What’s the Elm community like?

  • 35m:00s There’s ElmConf in St Louis (attached with StrangeLoop), and ElmEurope in Paris.
  • 35m:30s The way to judge communities is what the experience is like for beginners - Elm is generally very friendly and eager to help out beginners.
  • 35m:50s The ecosystem is much smaller; Elm has its own package manager, and is really strict about a couple of things.
  • 36m:00s The first restriction is that the Elm package manager prevents publishing mixed Elm and JavaScript code.
  • 36m:35s This means that all the code published is in pure Elm, but it grows organically as functions are re-written in Elm itself.
  • 37m:00s The other benefit is that packages are semantically versioned automatically; if you remove a function then try and publish a minor version, it won’t let you until the major version is bumped.

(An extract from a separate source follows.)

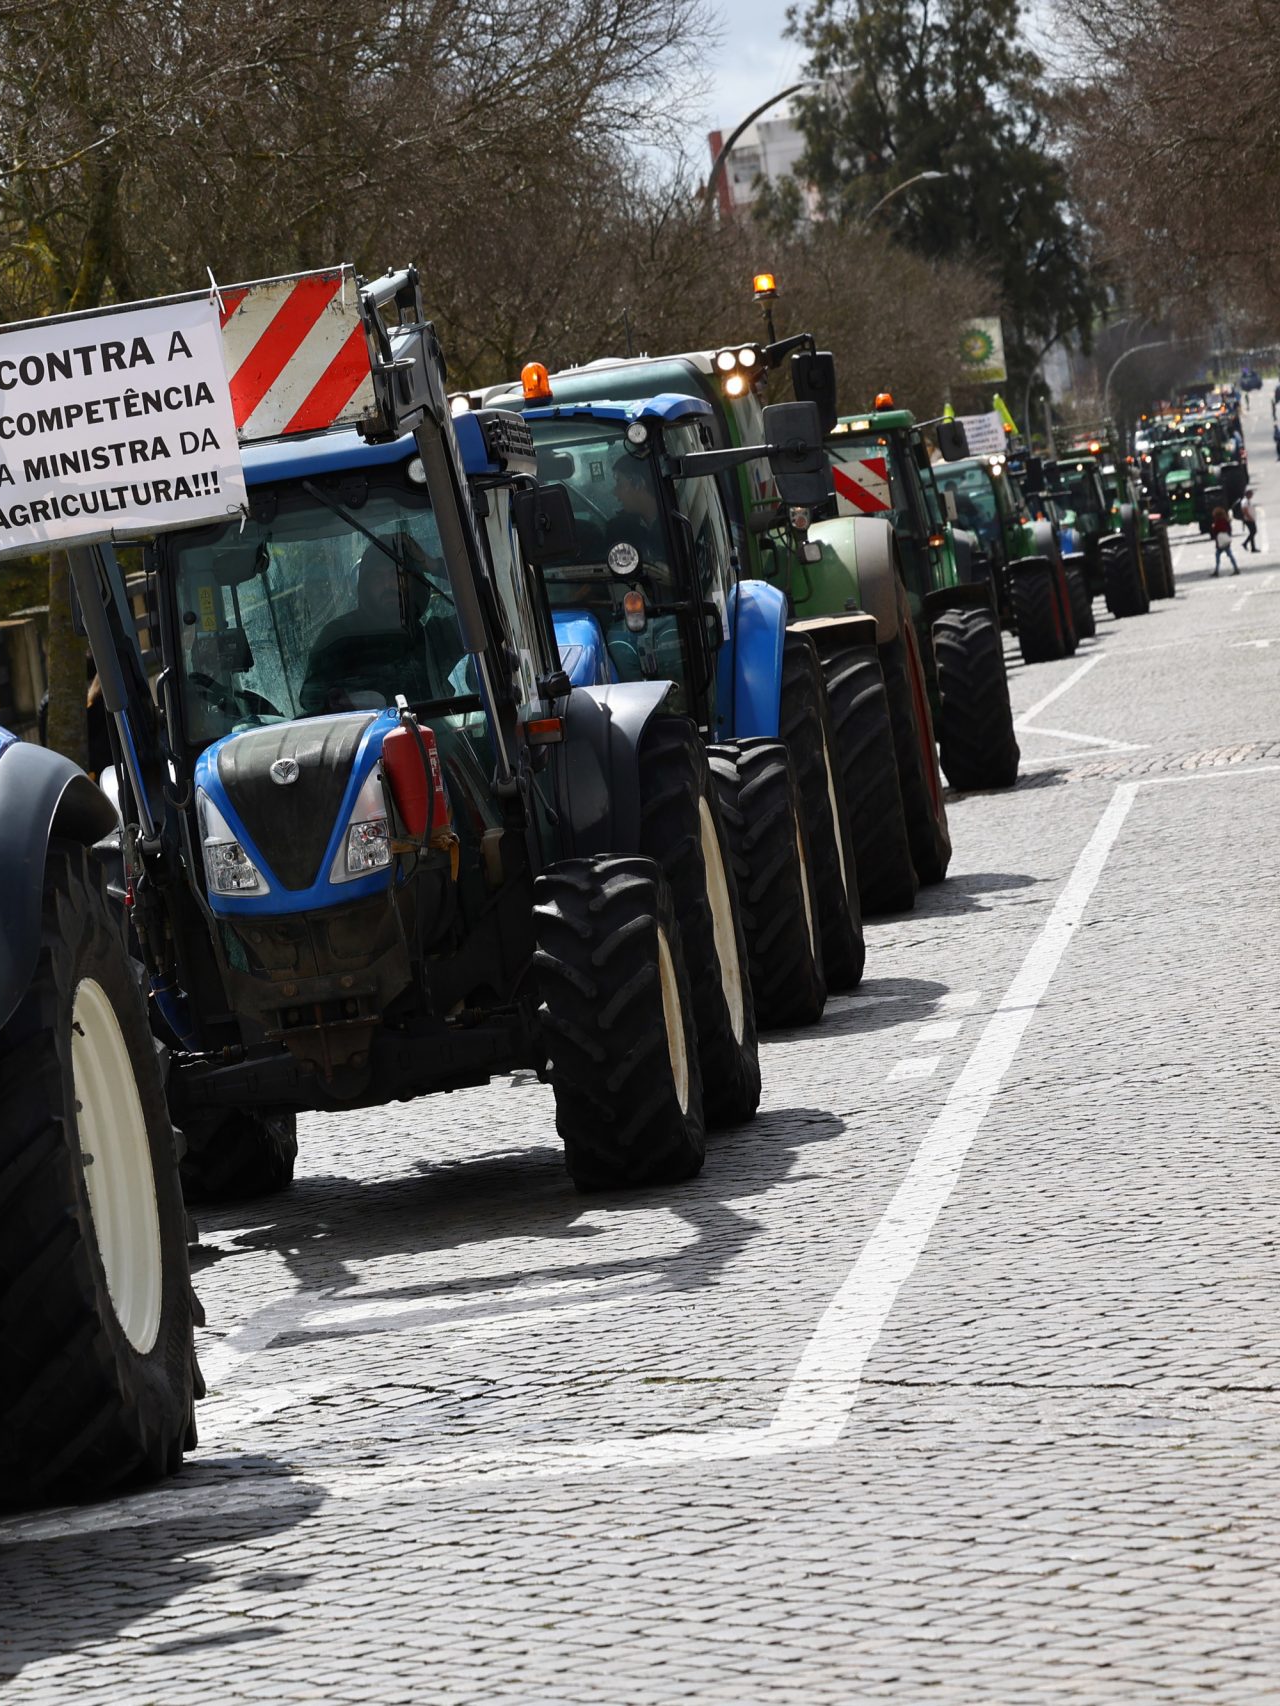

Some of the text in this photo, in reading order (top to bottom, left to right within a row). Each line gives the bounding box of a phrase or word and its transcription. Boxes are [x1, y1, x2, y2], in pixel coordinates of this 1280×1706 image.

[167, 330, 193, 362] A
[22, 436, 172, 483] MINISTRA
[179, 427, 221, 456] DA

This makes the upgrade path much easier.
  • 37m:30s One attendee at QCon remarked that they migrated to Elm not because of the benefit of the language but the fact that they could move away from the breakages of packages in flux with npm.
  • 37m:45s Culturally the community has well-named packages, like elm-css or elm-test.
  • 38m:00s It means that developers tend to find existing packages and use them, rather than re-inventing their own one each time.